Response to neoadjuvant treatment, including neoadjuvant immunotherapy, can be determined by pathologic response assessment:

• The most favorable outcome is pathologic complete response, which means “complete absence of viable tumor in the treated tumor bed”.⁵ Patients who experience a pathologic complete response after neoadjuvant therapy have a lower chance of their melanoma coming back. Dr. Amaria indicated that if a patient achieves a pathologic complete response following neoadjuvant immunotherapy, then little or no adjuvant (after surgery) therapy is required. This improves quality of life for the patient.
• Patients given neoadjuvant immunotherapy who achieve any pathologic response (meaning 10-50% viable tumor remaining after neoadjuvant treatment) also do well,⁶ and adjuvant treatment may possibly be omitted, depending on the patient’s individual situation.
• Patients with no pathologic response (meaning >50% viable tumor remaining after neoadjuvant treatment) require post-surgery treatment. Dr. Amaria explained that the take-home point is that neoadjuvant therapy is a more effective approach than standard upfront surgery followed by adjuvant treatment because it provides better clinical outcomes and higher quality of life for patients.
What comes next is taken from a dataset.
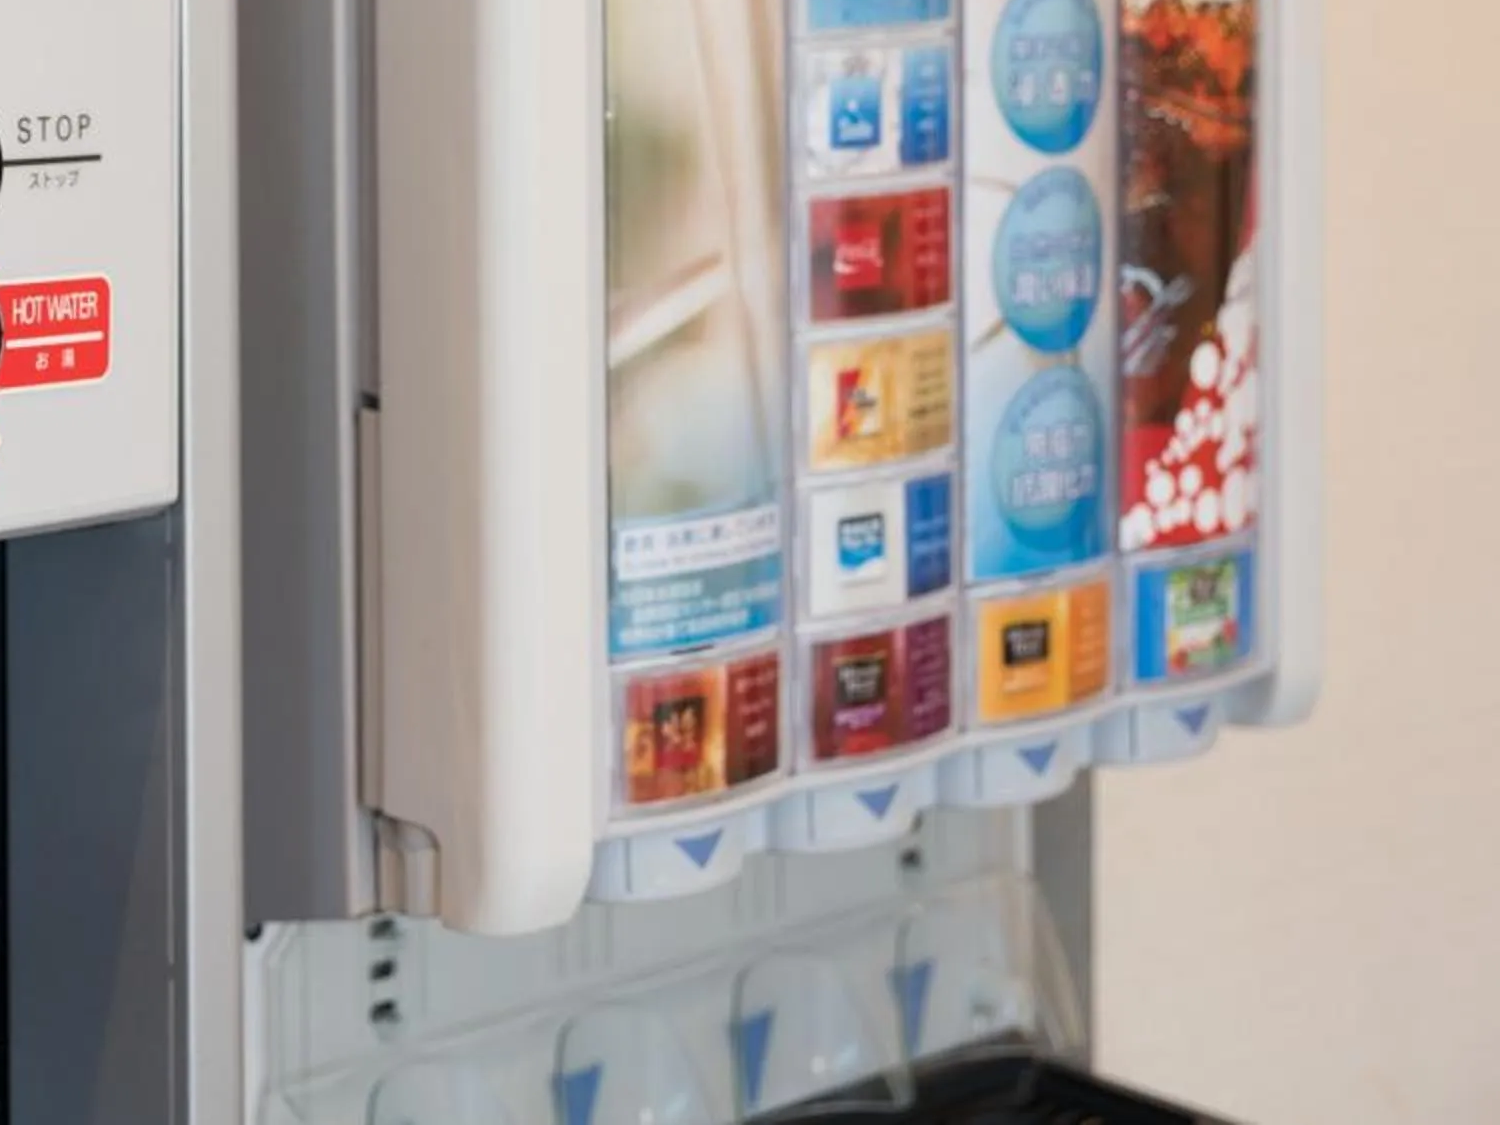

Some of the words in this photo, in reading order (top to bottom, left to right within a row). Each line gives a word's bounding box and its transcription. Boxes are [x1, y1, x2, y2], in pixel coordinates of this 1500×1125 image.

Targeted Therapy in the Neoadjuvant Setting

Another type of neoadjuvant treatment for patients with BRAF-mutated melanoma is the combination of two targeted therapies, dabrafenib and trametinib. Dabrafenib inhibits the mutant BRAF protein, and trametinib inhibits a related protein called MEK. These drugs work together to block cancer cell growth. Clinical trials have shown that neoadjuvant treatment with these two drugs is highly effective and well tolerated.

In a randomized phase 2 clinical trial at a median follow-up of 18.6 months, median event-free survival was 19.7 months in the group given neoadjuvant dabrafenib and trametinib, followed by surgery, and then additional treatment with these drugs compared with 2.9 months in the group who received these same medications only after surgery (standard of care adjuvant treatment).⁷ Because of this large difference between the two groups, continued enrollment in the standard of care group was not advised, and the trial was stopped. Another advantage of neoadjuvant targeted therapy is that treatment may reduce the tumor size so that a patient who was originally not eligible for surgery is now able to undergo surgery.³

Future Directions of Neoadjuvant Research

Dr. Amaria stated that although we have made a lot of progress in the last 8-10 years with the use of neoadjuvant treatment, several challenges and unanswered questions remain. The optimal combinations of treatments, timing of administration, and how long they should be given have not been clearly established.³ The small numbers of patients studied in trials and the short follow-up can also limit interpretation.³ According to Dr. Amaria, biomarkers that could be used to select treatment or predict response to treatment are mostly for research at this time and are not yet ready for use in everyday clinical practice.

These unanswered questions underscore the importance of clinical trials. Dr. Amaria also explained that neoadjuvant clinical trials generate a lot of data in a short amount of time, which allows the drug development process to move more quickly, identifying new drugs and combination therapies to be tested in more patients in a shorter timeframe.

“Neoadjuvant therapy can be an aggressive treatment, and patients who are considering neoadjuvant treatment should ask their doctor about expected side effects and how many doses they will receive,” stated Dr. Amaria. “However, if they respond well, neoadjuvant treatment plus surgery may be all they need.”